● **PROBLEM DETAILS**
What is needed is an exact copy of every entry below, minus the images.
___ TASK INPUT
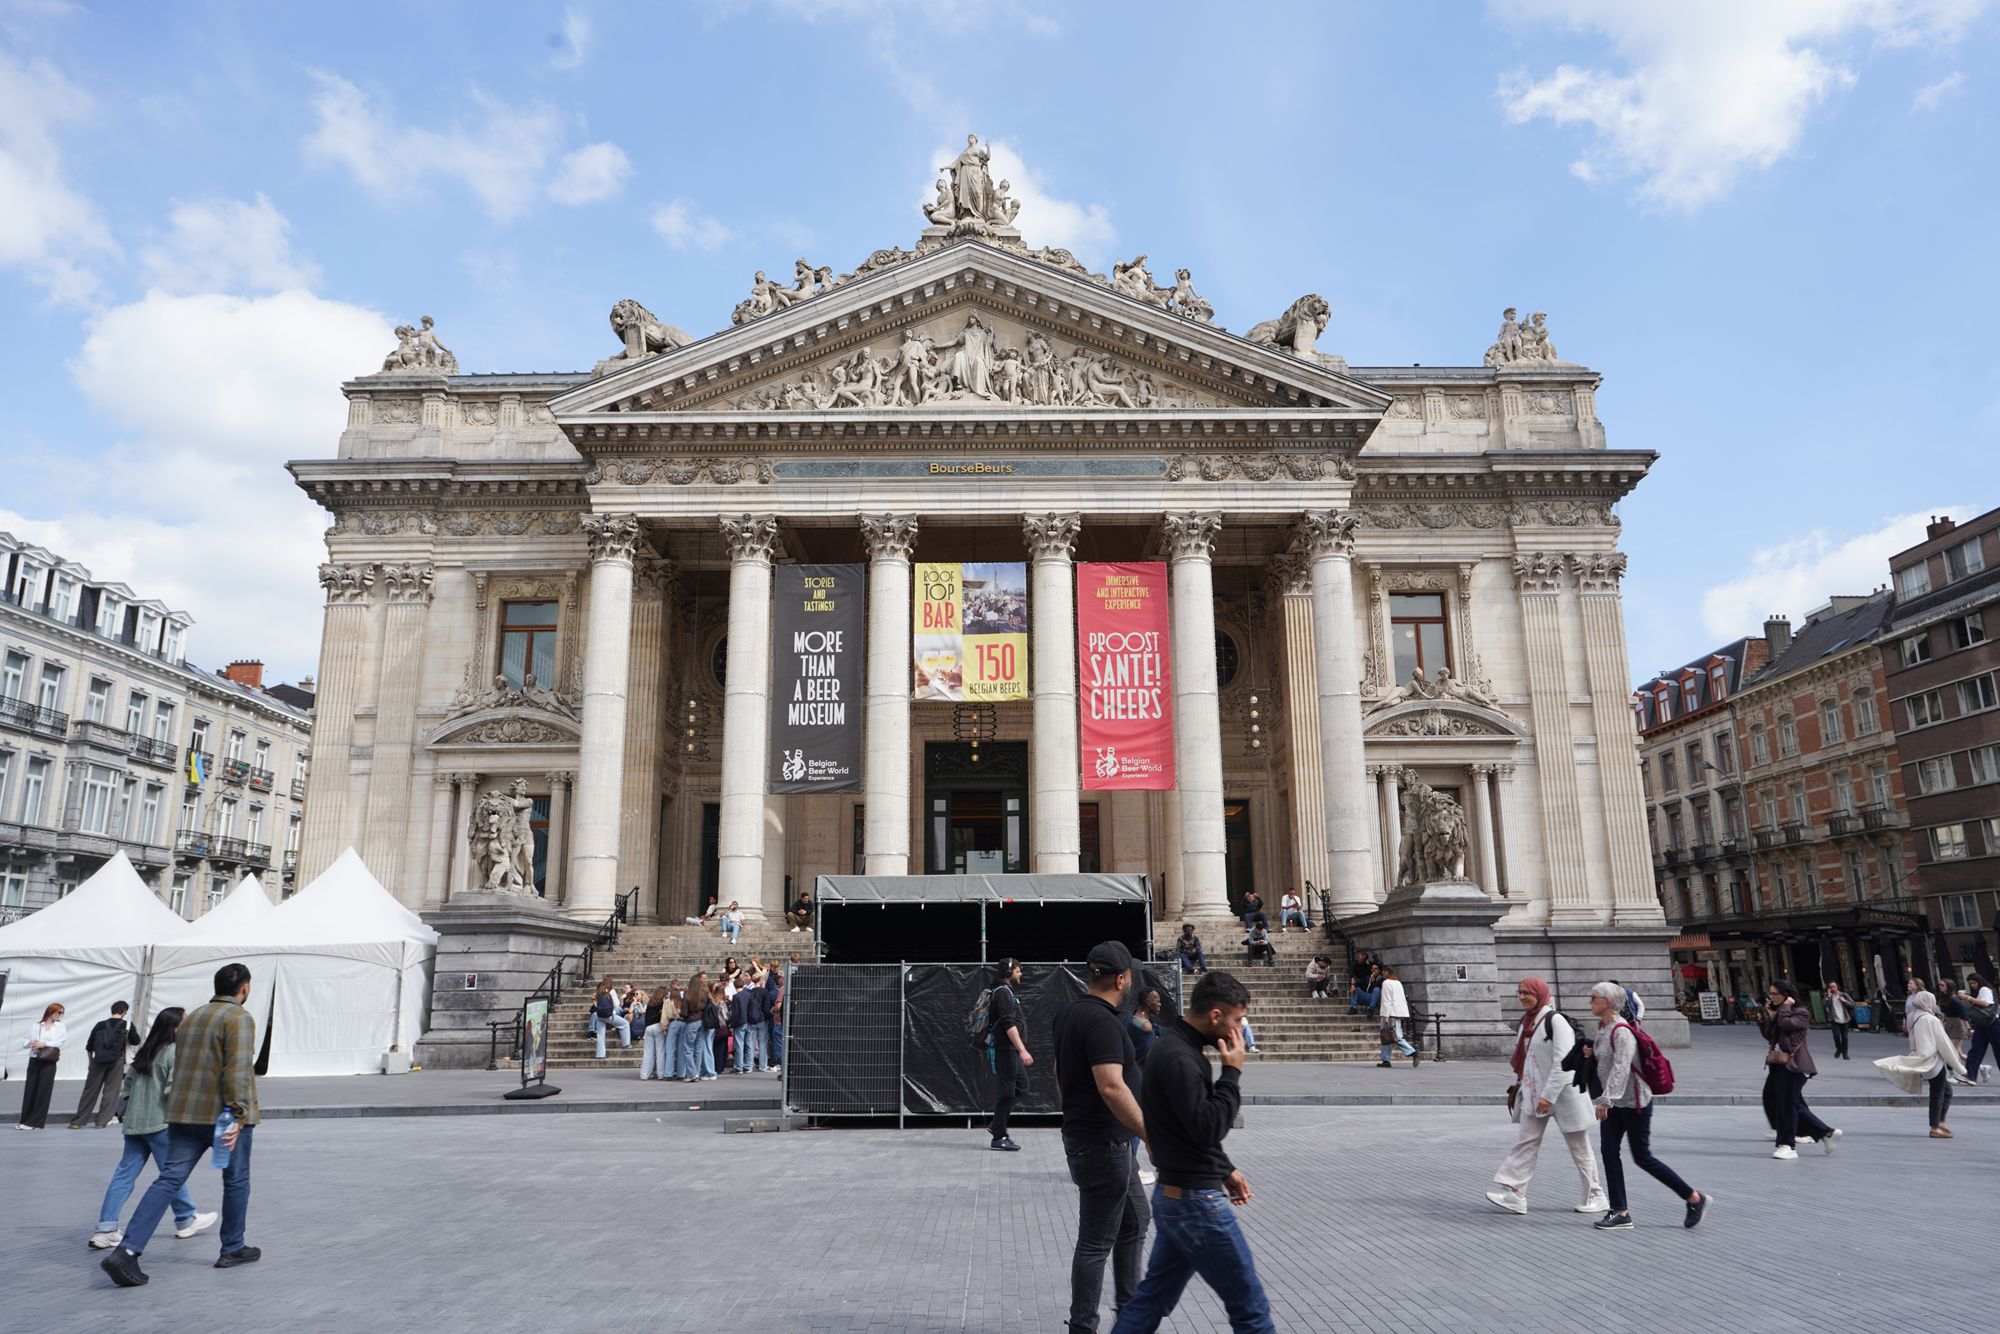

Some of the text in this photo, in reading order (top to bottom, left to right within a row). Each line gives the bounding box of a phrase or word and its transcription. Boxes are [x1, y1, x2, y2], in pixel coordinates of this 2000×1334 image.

[930, 463, 1013, 474] BourseBeurs
[924, 571, 954, 582] ROOF
[1106, 575, 1139, 586] IMMERSIVE
[813, 589, 825, 600] AND
[924, 583, 954, 600] TOP
[1097, 587, 1150, 598] AND INTERACTIVE
[804, 600, 835, 611] TASTINGS!
[1105, 599, 1142, 610] EXPERIENCE
[923, 602, 954, 628] BAR
[794, 631, 843, 653] MORE
[1089, 632, 1159, 653] PROOST
[800, 655, 835, 676] THAN
[975, 643, 1015, 681] 150
[1091, 651, 1161, 687] SANTÉ!
[794, 679, 840, 700] A BEER
[970, 682, 1021, 694] BELGIAN BEERS
[1091, 688, 1162, 720] CHEERS
[789, 703, 845, 725] MUSEUM
[808, 760, 837, 768] Belgian
[1122, 757, 1150, 765] Belgian
______
● **RESULT**
Some of the text in this photo, in reading order (top to bottom, left to right within a row). Each line gives the bounding box of a phrase or word and its transcription. Boxes are [x1, y1, x2, y2], in pixel coordinates of this 2000×1334 image.

[930, 463, 1013, 474] BourseBeurs
[924, 571, 954, 582] ROOF
[1106, 575, 1139, 586] IMMERSIVE
[813, 589, 825, 600] AND
[924, 583, 954, 600] TOP
[1097, 587, 1150, 598] AND INTERACTIVE
[804, 600, 835, 611] TASTINGS!
[1105, 599, 1142, 610] EXPERIENCE
[923, 602, 954, 628] BAR
[794, 631, 843, 653] MORE
[1089, 632, 1159, 653] PROOST
[800, 655, 835, 676] THAN
[975, 643, 1015, 681] 150
[1091, 651, 1161, 687] SANTÉ!
[794, 679, 840, 700] A BEER
[970, 682, 1021, 694] BELGIAN BEERS
[1091, 688, 1162, 720] CHEERS
[789, 703, 845, 725] MUSEUM
[808, 760, 837, 768] Belgian
[1122, 757, 1150, 765] Belgian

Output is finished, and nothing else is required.